Tuesday, November 30, 2004
what dan does instead of leaving his desk at lunchtime
I was wondering how the arguments went yesterday. This article doesn’t inspire much confidence in me that wisdom will prevail.
They’re going to decide on the basis of Filburn? That’s just dumb. Filburn is about cattle feed - a commodity used to support a commodity. Were one to grow one’s own feed grain, this would clearly and directly impact ongoing national and international commerce in both feed and livestock. Anyway, that’s the argument, and it’s not specious on its face.
Then you try to fit medical pot into this theoretical framework, and it doesn’t match up. The pot at issue in this case is not, nor does it relate to, any commodity as to which the US government controls commerce. It’s an herb intended purely for personal medicinal use - a use that has no bearing on other ongoing commercial activities regulated by the commerce clause. The only regulation of pot itself has been to make it illegal - expressly removing it from the stream of commerce and by extension from the Filburn analysis. The analogue would be growing grain to feed your own cattle, even if trading cattle with others were illegal. That’s clearly not what Filburn was about, and therefore Filburn is inapposite precedent and should not be treated as dispositive in this case. It is the difference between selling the produce from your garden on the public streets (which congress may see fit to regulate), and eating it yourself at home to keep from starving to death (which seems outside the ambit of the commerce clause to me). One case is about behavior that relates to big business. One is about personal liberty. Am I the only one who thinks these things are different?

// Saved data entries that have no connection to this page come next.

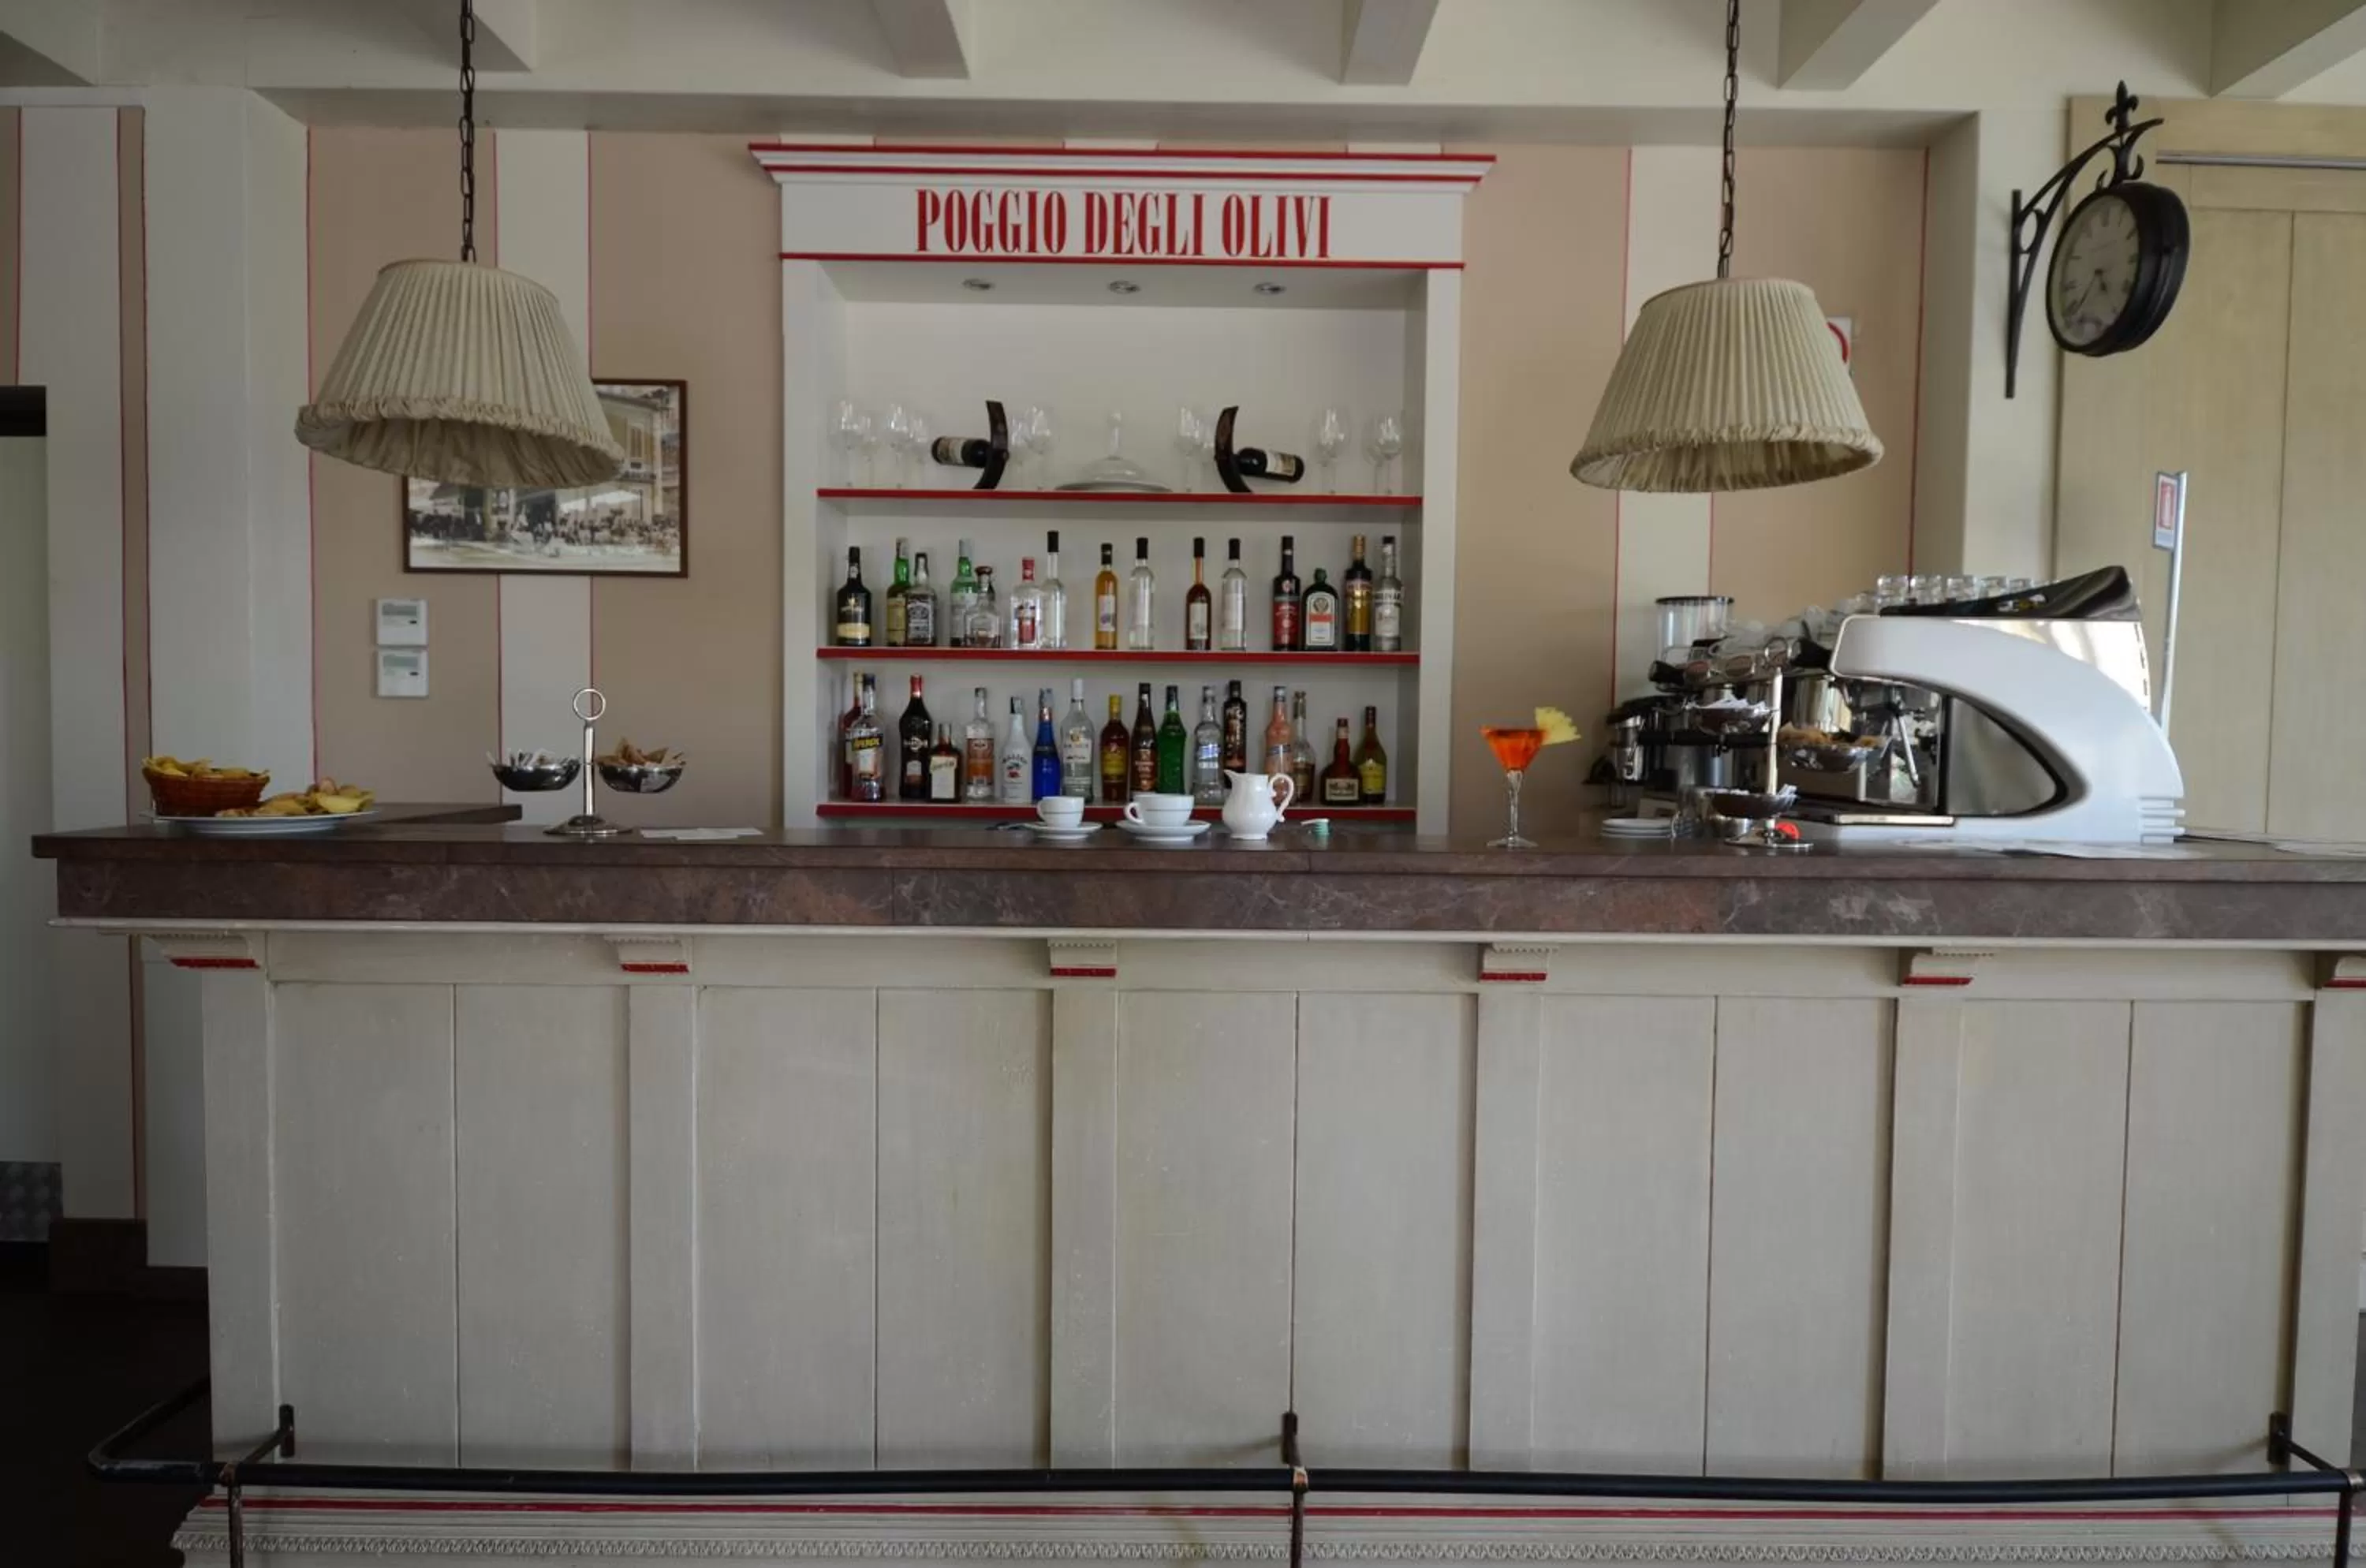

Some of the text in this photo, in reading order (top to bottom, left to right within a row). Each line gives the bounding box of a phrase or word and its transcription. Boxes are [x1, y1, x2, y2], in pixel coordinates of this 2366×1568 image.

[915, 189, 1333, 259] POGGIO DEGLI OLIVI
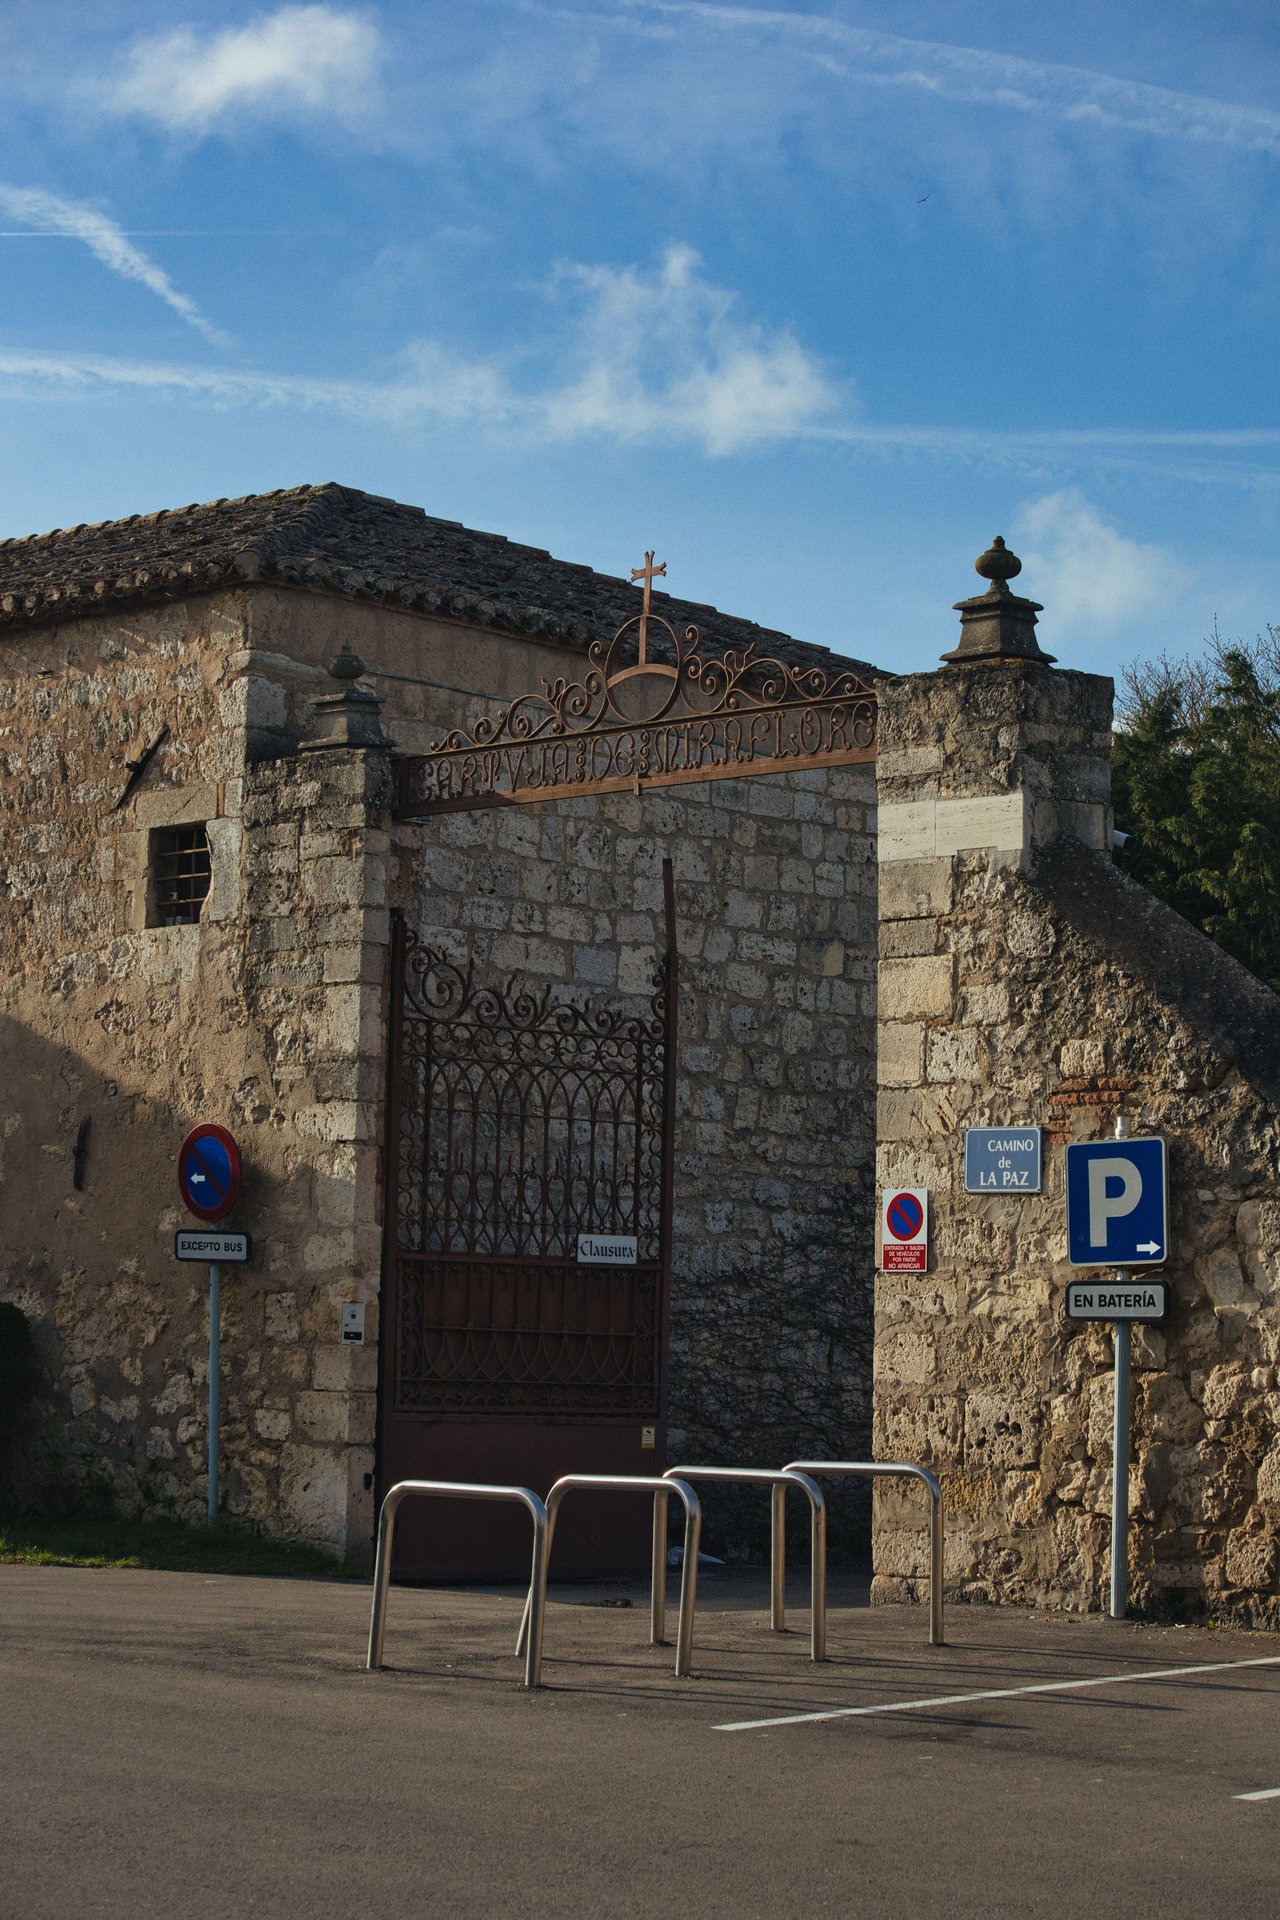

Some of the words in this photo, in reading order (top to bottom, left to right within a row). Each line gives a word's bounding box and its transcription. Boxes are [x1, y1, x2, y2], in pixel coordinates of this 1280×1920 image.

[987, 1139, 1034, 1152] CAMINO
[998, 1156, 1012, 1169] de
[980, 1171, 997, 1186] LA
[1002, 1171, 1029, 1186] PAZ
[1088, 1157, 1143, 1248] P
[181, 1241, 221, 1252] EXCEPTO
[223, 1242, 243, 1253] BUS
[1074, 1294, 1094, 1308] EN
[1098, 1290, 1157, 1308] BATERÍA

But wait, the government reminds us - we need a verdict that doesn’t jeopardize the war on drugs! The commerce clause is the basis for all federal drug legislation. But this is not the drug trade - it’s home horticulture. Nothing is being traded. No state line is being crossed. If there’s a “drug trafficking” problem as regards marijuana, this isn’t it. The real problem that the feds want to avoid is the inconvenience of making sure medical pot is segregated from recreational, unsanctioned pot. I can respect that concern, but it’s a technical, logistical one. Hospitals have all kinds of drugs that ordinary folk can’t get, and we figured out a way to make that work. Handguns have licenses. Taverns have to answer to Alcohol Control Boards. There are always ways around logistical problems, given enough will and time. If that’s the issue we need to address, so be it. But to say that this is a commerce clause issue is to drain any remaining rational content from that part of the constitution - it’s being rewritten as a blank check to congress.
Think I’m done ranting? NOT EVEN CLOSE! This morning I saw a big article in somebody’s newspaper that seemed to be about how more and more states are moving toward including creationism in their science textbooks. And I guess I can see their point: evolution is really just a theory. However, I think they’d be biting into a fat lawsuit if they taught creationism and left out any of the other major creation stories. If they want to say what their bible says happened as an alternate to evolution, I want them to lay out the vedas, the sutras, the pagan tradition and all the others that have been significantly recognized historically. None of them has any greater or lesser claim to truthfulness. I want kids confronted with the choice between evolution and the christian myth - and the buddhist, navajo, and mayan versions of that myth, too. “Mrs Klinger, if God can make fossils that carbondate to 6 million years ago, can he actually make the buddhists not exist? If the earth rides on the back of a giant tortoise and gets reborn at the start of each era, does it really matter how old anything appears to be? If feathers on dinosaur fossils are a trick of satan to get us to disbelieve the bible, what’s the Bahagavad-ghita?”
I think the resolution of many of our “morality” based concerns lies in stricter and more evenhanded enforcement. As soon as Jethro’s son Shadrach comes home from school talking about creation myths other than the “right” creation myth, we’ll have a wholesale reevaluation of what’s appropriate for dissemination in the schools. But to pick one myth and reject the rest based on local historical popularity - that’s a violation of the first amendment, and of an educator’s responsibility. So my solution is not to sue to keep creationism out, but to get it in - get it all in. Don’t say we have not yet made our bed so we need not yet lie in it - it’ll be a mess for years that way. Let’s accept it as made and let’s ALL take a goddamn nap in it - see how it suits us. If we wake up grumpy we may just be ready to do something about it.